“Strangers on an island” - a personal reflection
- Morgan Rogers
- May 16
- 2 min read

Keir Starmer suggested this week that migration levels were causing us to become “strangers on an island”. My personal experience is somewhat different.
I was born in 1970 in Cardiff. The infants and junior schools I went to – Roath Park - had a healthy contingent of Pakistanis, Ugandan refugees, Italians and Poles. No Yugoslavs – for some reason they went to the neighbouring school.
In Year 3 my best mate “S” was Pakistani. We didn’t think anything of it. Later in junior school “G” used to scare the life out of me by telling me about getting caned in madrassa. We were still all friends.
When I went up to Howardian comprehensive there was an even more significant number of Pakistanis. I got on with them, they got on with me.
About 2 months into year 7 a new phenomenon arrived on our school grounds in the form of the “Anti Paki League” – skinheads who enjoyed beating people up, and found racism to be a wonderful excuse for indulging in their hobby.
And they did, they beat the Pakistani boys up – until they fought back with the aid of their elder brothers, quite spectacularly.
By that time “G” was so desperate to have an acceptable identity to cling to he’d decided that he was a Rasta and wore red, black and green sweatbands to prove it.
That didn’t last long. All except one or two decided that they’d had enough of white boys. It didn’t matter that the “Anti Paki League”also dished out several beatings to me.
Who frankly could blame them? They’d been put in their box, so we could stay very much out of it thanks.

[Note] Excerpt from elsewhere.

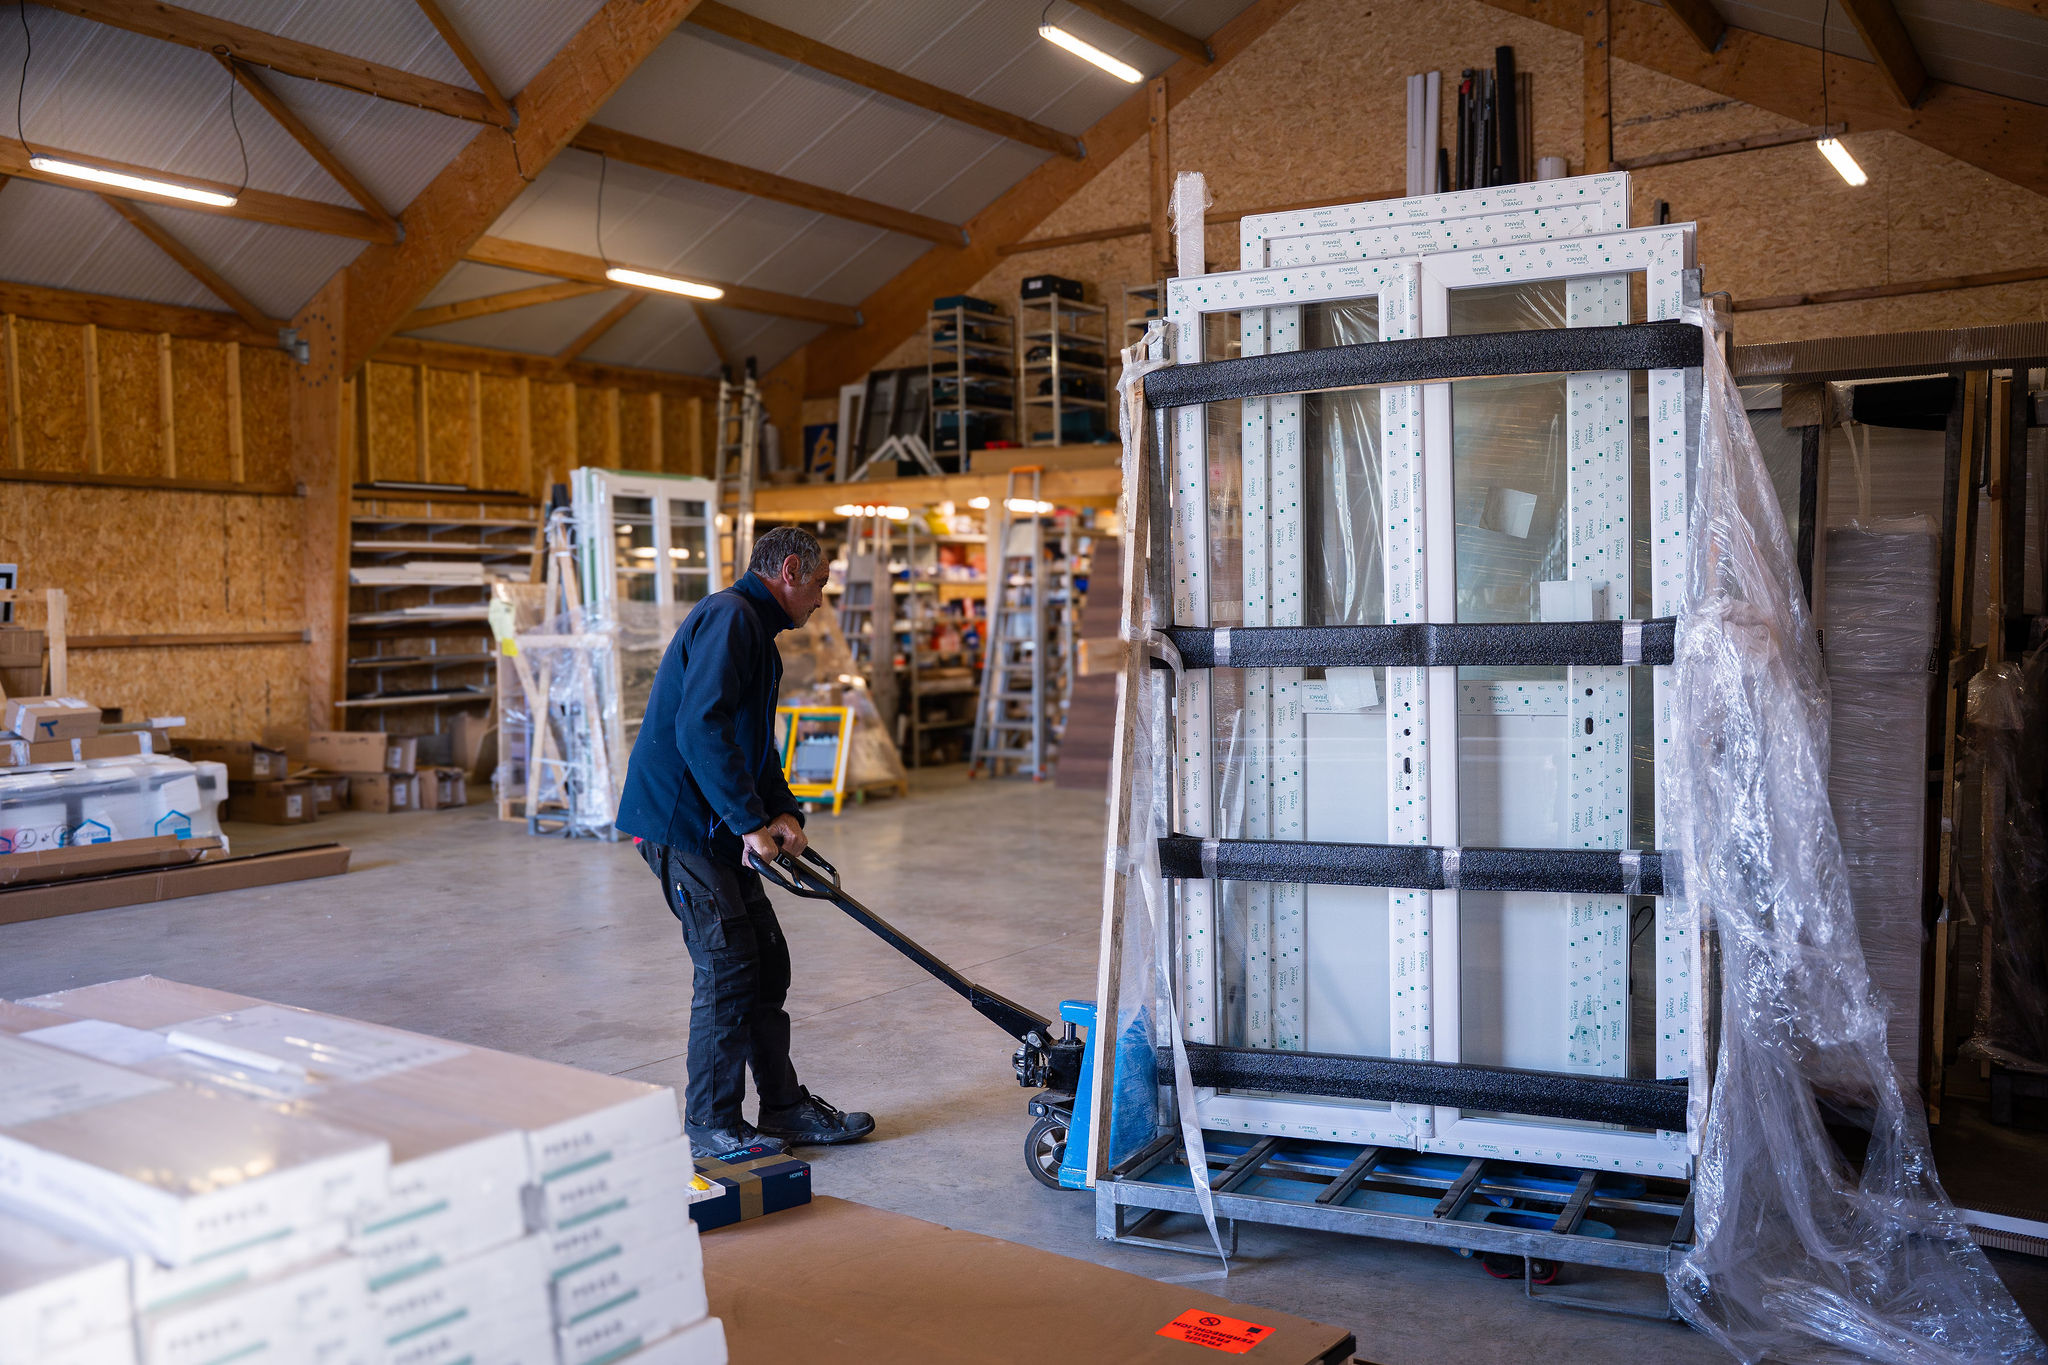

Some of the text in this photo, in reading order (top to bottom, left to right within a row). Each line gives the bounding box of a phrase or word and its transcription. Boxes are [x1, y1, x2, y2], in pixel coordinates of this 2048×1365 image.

[719, 1150, 750, 1160] HOPPE
[790, 1171, 803, 1179] HOPPE
[1184, 1330, 1231, 1344] FRAGILE

Meeting them on the streets years later and saying “Hello” would get “What do you want?” back at me.
I didn’t and don’t blame them.
This is how we become strangers in a strange land – by picking on people for difference until they decide that OK – if that’s what you want, we’ll just be all the way different, and hang out solely with people who look and act like us. That’s how you produce disintegration – I’ve seen it.
That’s what I’d say to Sir Keir if I had the chance.*
*To write everything I think about this would take a week, so this is purely personal rather than an academic response.




I also went to Howardian and remember walking home and witnessing the fight of 'the cabbage patch' . It was a few weeks into starting high school, in 1981 aged 11 - my identical twin and I (who had been bullied for 4 years at Primary school for being 'different') were walking home, chatting with our new gang of around friends. Our mix of ethnicities didn't get in the way of us connecting - we were Cardiff kids starting high school and had found a kinship.
We were walking across the edge of a large patch of the school grounds that was lumpy and unsuitable for competitive sports, called the cabbage patch. I remember turning to my left to cha…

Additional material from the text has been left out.